> _What needs to be done_
Reproduce every record exactly as it appears, but not the pictures.

**** Data for analysis

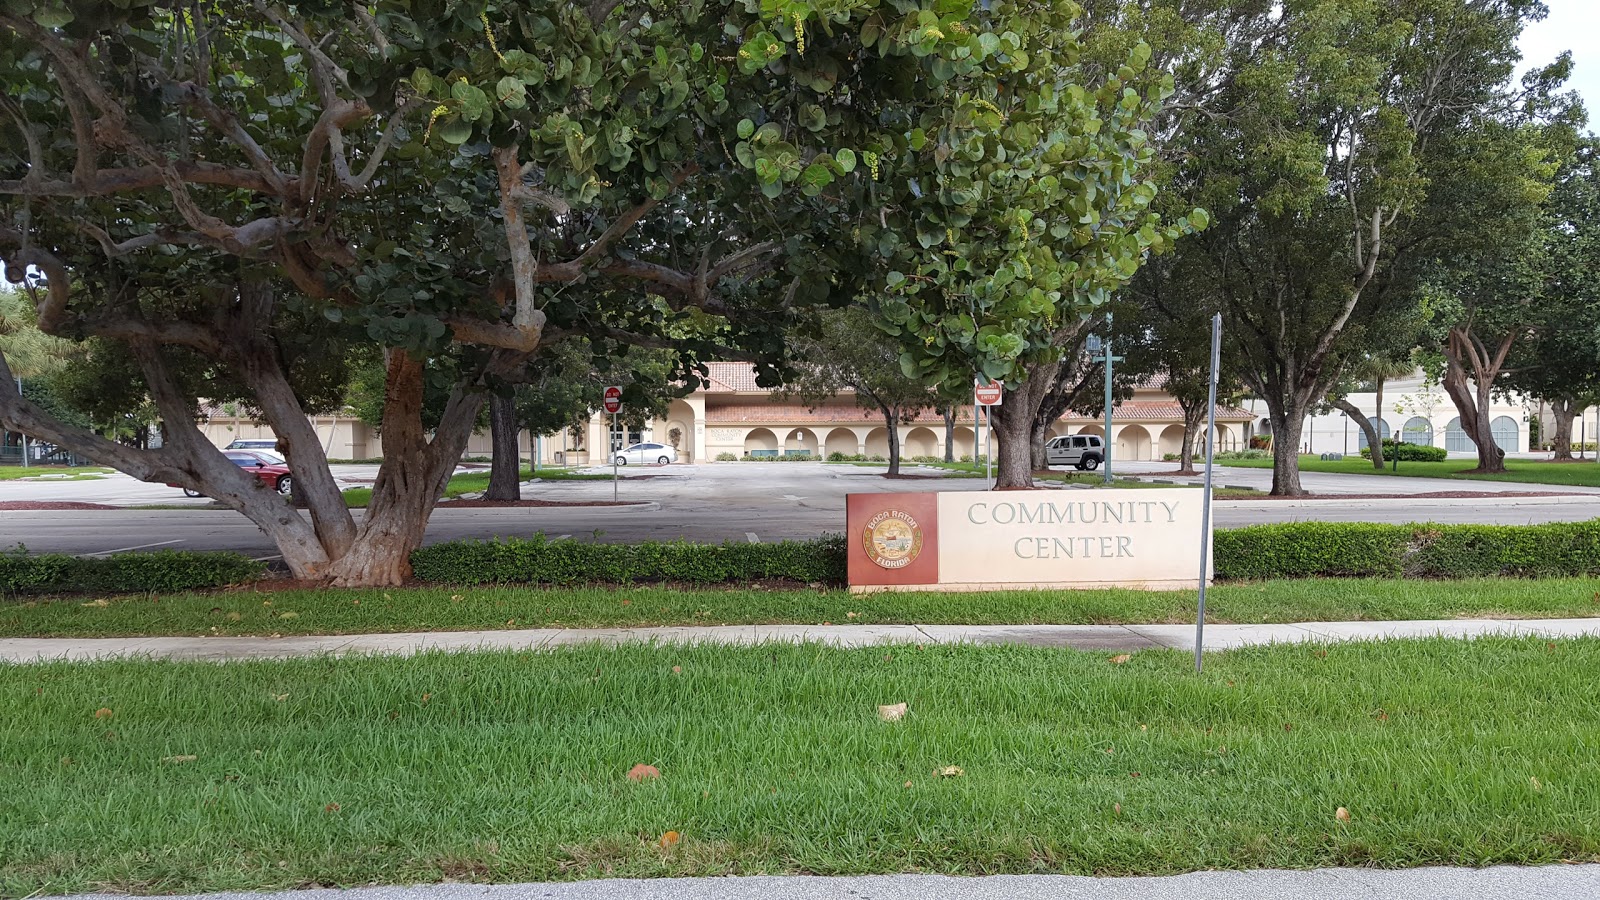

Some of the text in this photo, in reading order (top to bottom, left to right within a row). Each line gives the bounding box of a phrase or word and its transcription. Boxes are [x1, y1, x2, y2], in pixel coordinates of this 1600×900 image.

[867, 510, 918, 530] BOCA RATON
[969, 501, 1180, 525] COMMUNITY
[1014, 536, 1135, 559] CENTER
[876, 557, 911, 567] FLORIDA
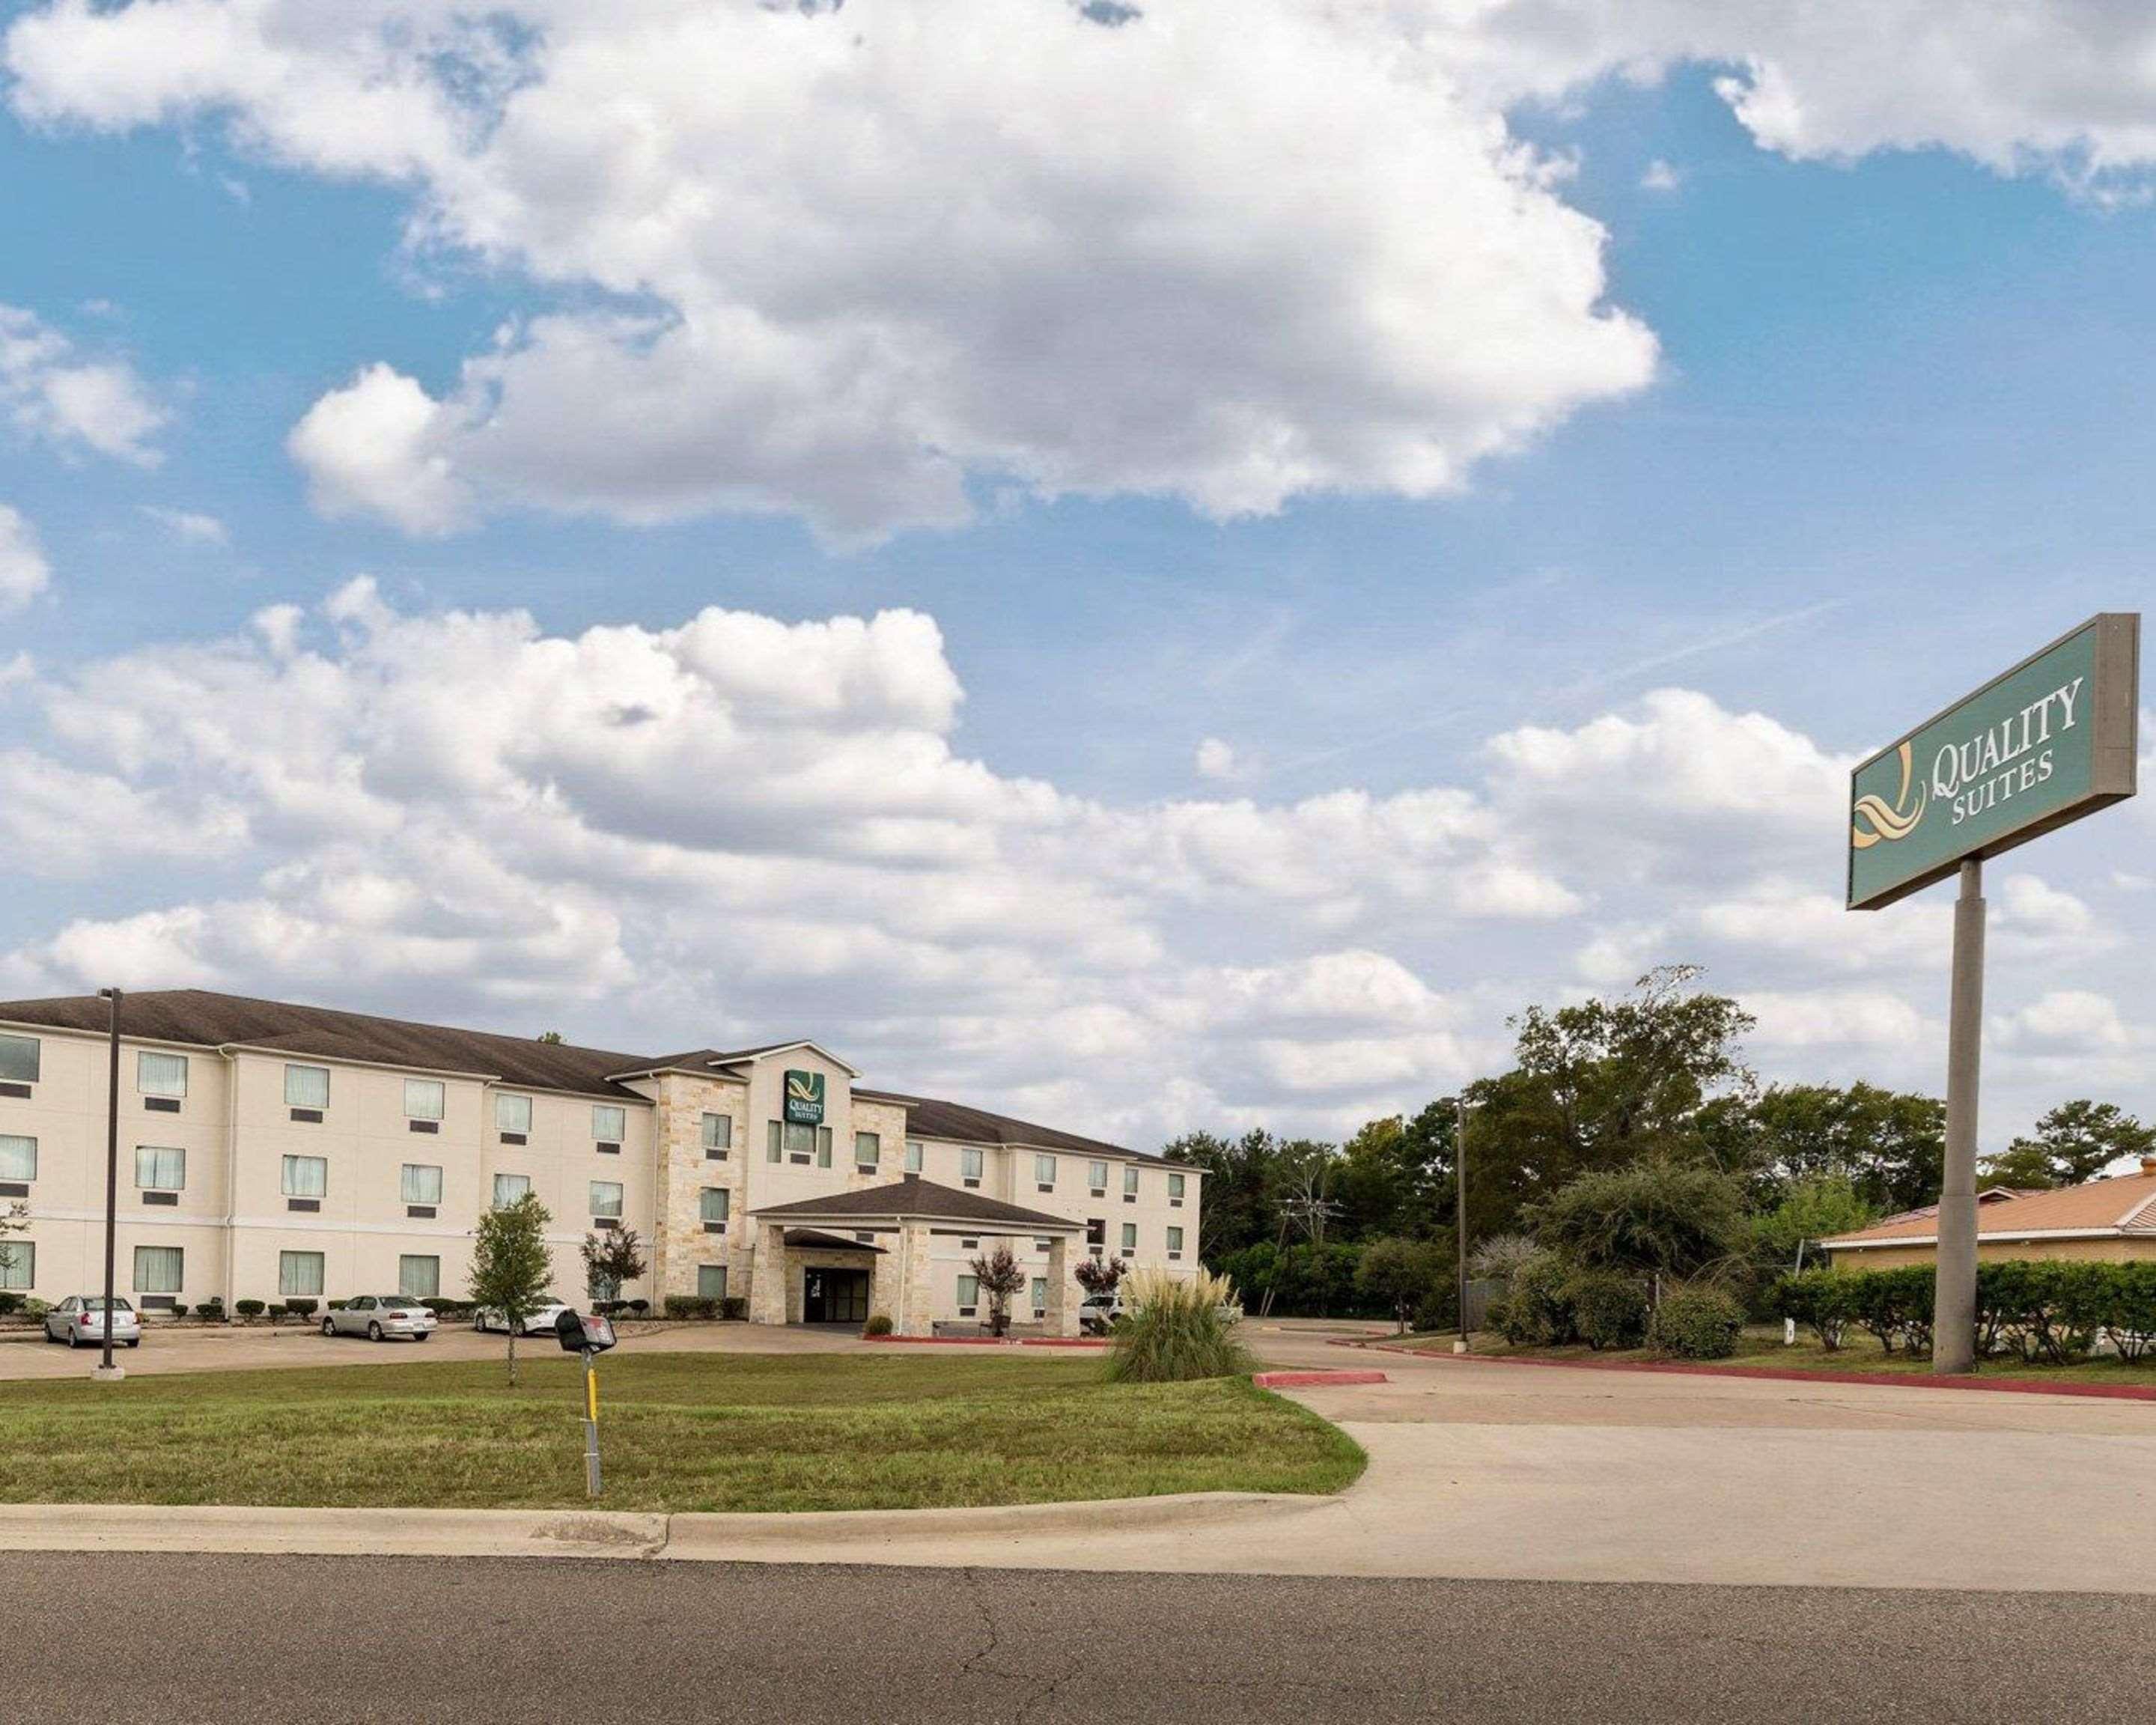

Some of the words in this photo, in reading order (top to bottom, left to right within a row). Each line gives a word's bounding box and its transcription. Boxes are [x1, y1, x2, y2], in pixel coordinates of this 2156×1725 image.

[1932, 677, 2083, 801] QUALITY
[1952, 749, 2053, 825] SUITES
[790, 1098, 823, 1113] QUALITY

********

> _Answer_
Some of the text in this photo, in reading order (top to bottom, left to right within a row). Each line gives the bounding box of a phrase or word and its transcription. Boxes are [x1, y1, x2, y2], in pixel coordinates of this 1600×900 image.

[867, 510, 918, 530] BOCA RATON
[969, 501, 1180, 525] COMMUNITY
[1014, 536, 1135, 559] CENTER
[876, 557, 911, 567] FLORIDA

Some of the words in this photo, in reading order (top to bottom, left to right within a row). Each line gives a word's bounding box and its transcription. Boxes are [x1, y1, x2, y2], in pixel coordinates of this 2156×1725 image.

[1932, 677, 2083, 801] QUALITY
[1952, 749, 2053, 825] SUITES
[790, 1098, 823, 1113] QUALITY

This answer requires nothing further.